« C’est un coup de massue » pour Suzanne Smrekar, chercheuse à la tête du programme Veritas de la NASA. Alors que le budget de la NASA pour l’année 2024 est à l’étude au Sénat, l’agence spatiale américaine est obligée de se serrer la ceinture.
Avec 3,38 milliards de dollars dédiés aux sciences planétaires, Lori Glaze, la directrice de cette section de la NASA regrette de devoir faire « des choix difficiles ». En ce qui concerne la mission Veritas, c’est la douche froide. Sur les 56,7 millions de dollars promis, seul 1,5 arrivera finalement au centre de recherche.
Une question de gros sous
Le programme va donc être abandonné, sans même que la NASA ose le reconnaître, elle qui finance toujours cette mission, sur le papier du moins. À la place l’agence américaine a mis l’accent sur des missions plus « contemporaines ». Le retour d’échantillons depuis Mars va coûter bien plus cher que prévu. La NASA a également renouvelé sa confiance en Psyche, la sonde qui doit explorer l’astéroïde du même nom avant 2030.
Lori Glaze essaye de justifier le choix de ses équipes « il n’y avait pas de bonne option », assure-t-elle. Le « retard de Veritas » n’est pas irrémédiable à ses yeux, et la mission a toujours des chances de voir le jour, dans de nombreuses années. Veritas devait initialement prendre son envol en 2027, mais un premier retard en novembre 2022 avait décalé la date de lancement à 2031. Aujourd’hui il serait plutôt question de 2035, au plus tôt.
Mettre de l’ordre dans les affaires du JPL
Mené par le JPL (un laboratoire de la NASA qui gère aussi la mission Psyche ou le rover Persévérance), la mission Veritas a été repoussée pour des questions économiques, mais aussi humaines. Les ingénieurs du JPL souffrent d’une « charge de travail sans précédent » selon un rapport externe réalisé en fin d’année 2022.
Si la mission Veritas ne consomme pas beaucoup de ressources, elle qui fonctionne avec quelques ingénieurs à peine, ces forces ont été redistribuées autrement au sein du JPL par la NASA. Le laboratoire a été touché ces derniers mois par plusieurs affaires, notamment sur les conditions de travail en interne.

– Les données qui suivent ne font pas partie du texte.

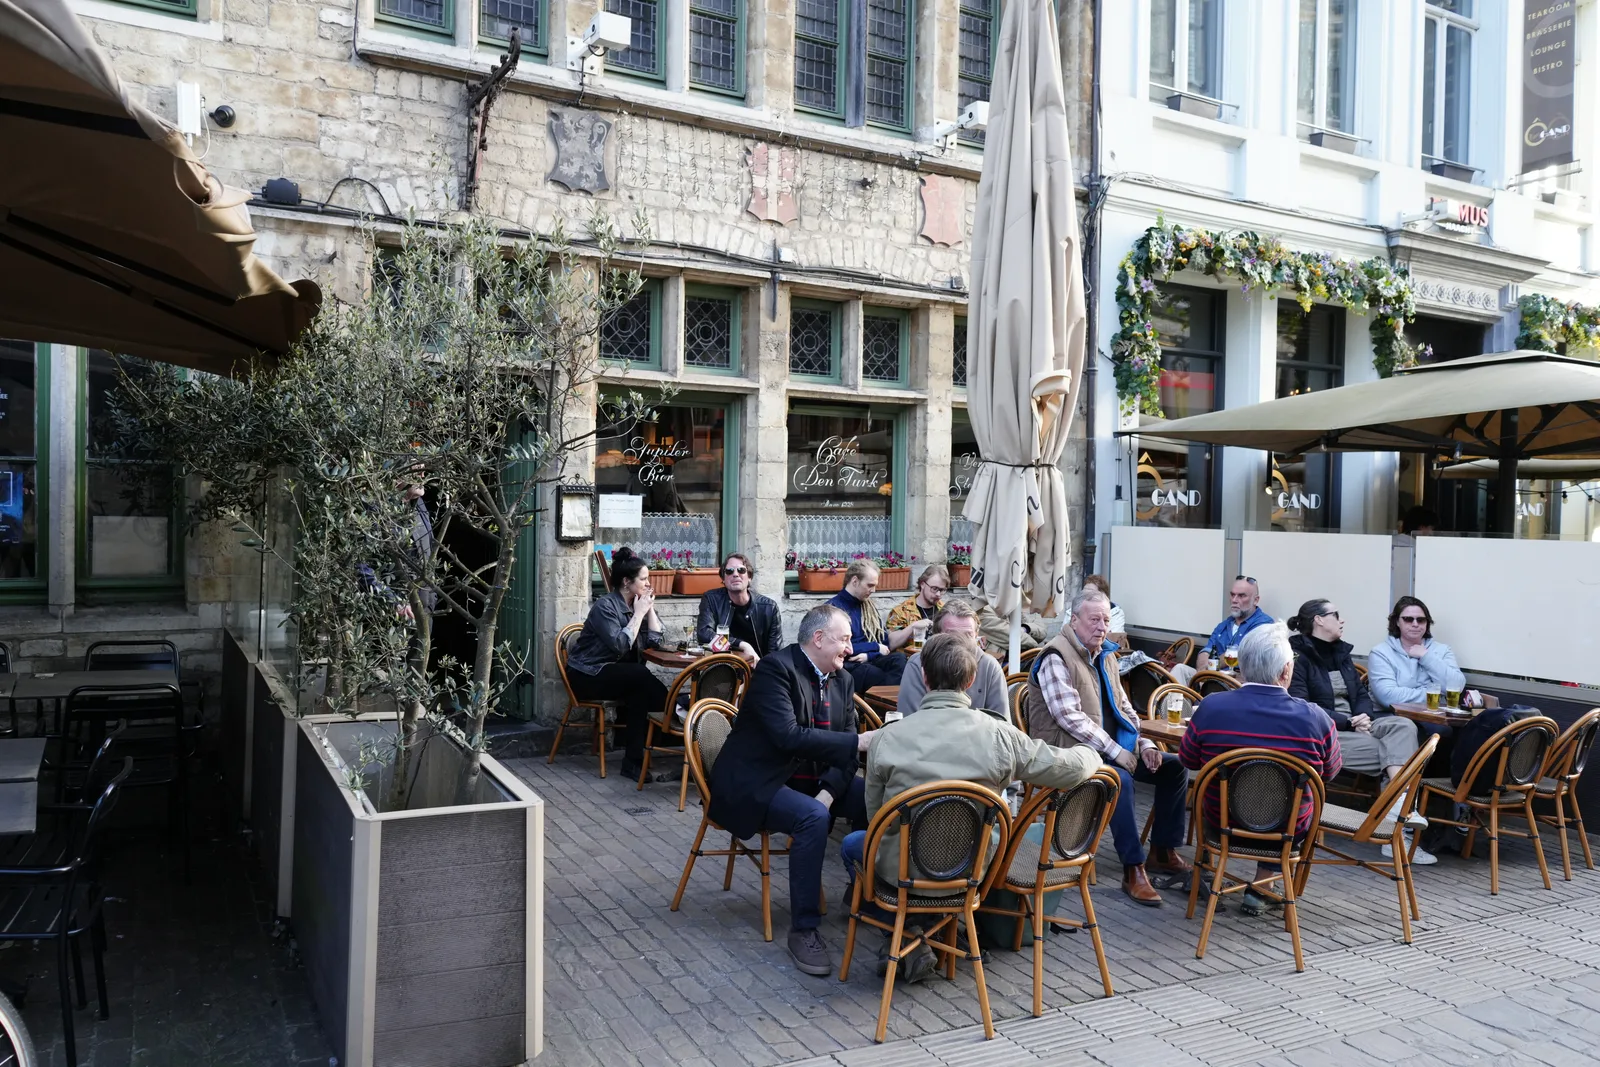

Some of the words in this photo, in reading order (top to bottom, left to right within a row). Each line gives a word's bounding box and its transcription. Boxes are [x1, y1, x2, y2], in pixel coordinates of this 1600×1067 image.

Veritas : pour quoi faire ?
Initialement la mission Veritas devait permettre à la NASA de lancer une sonde en direction de notre voisine Vénus. Cette dernière serait alors capable de cartographier avec précision Vénus, donnant au passage une analyse précise de la composition des sols.
Avec cette mission la NASA ouvrait un nouveau chapitre de son histoire contrastée avec Vénus. L’agence spatiale américaine a toujours délaissé cette planète, la dernière sonde à en avoir pris la direction était Magellan, parti en 1989 de la Terre.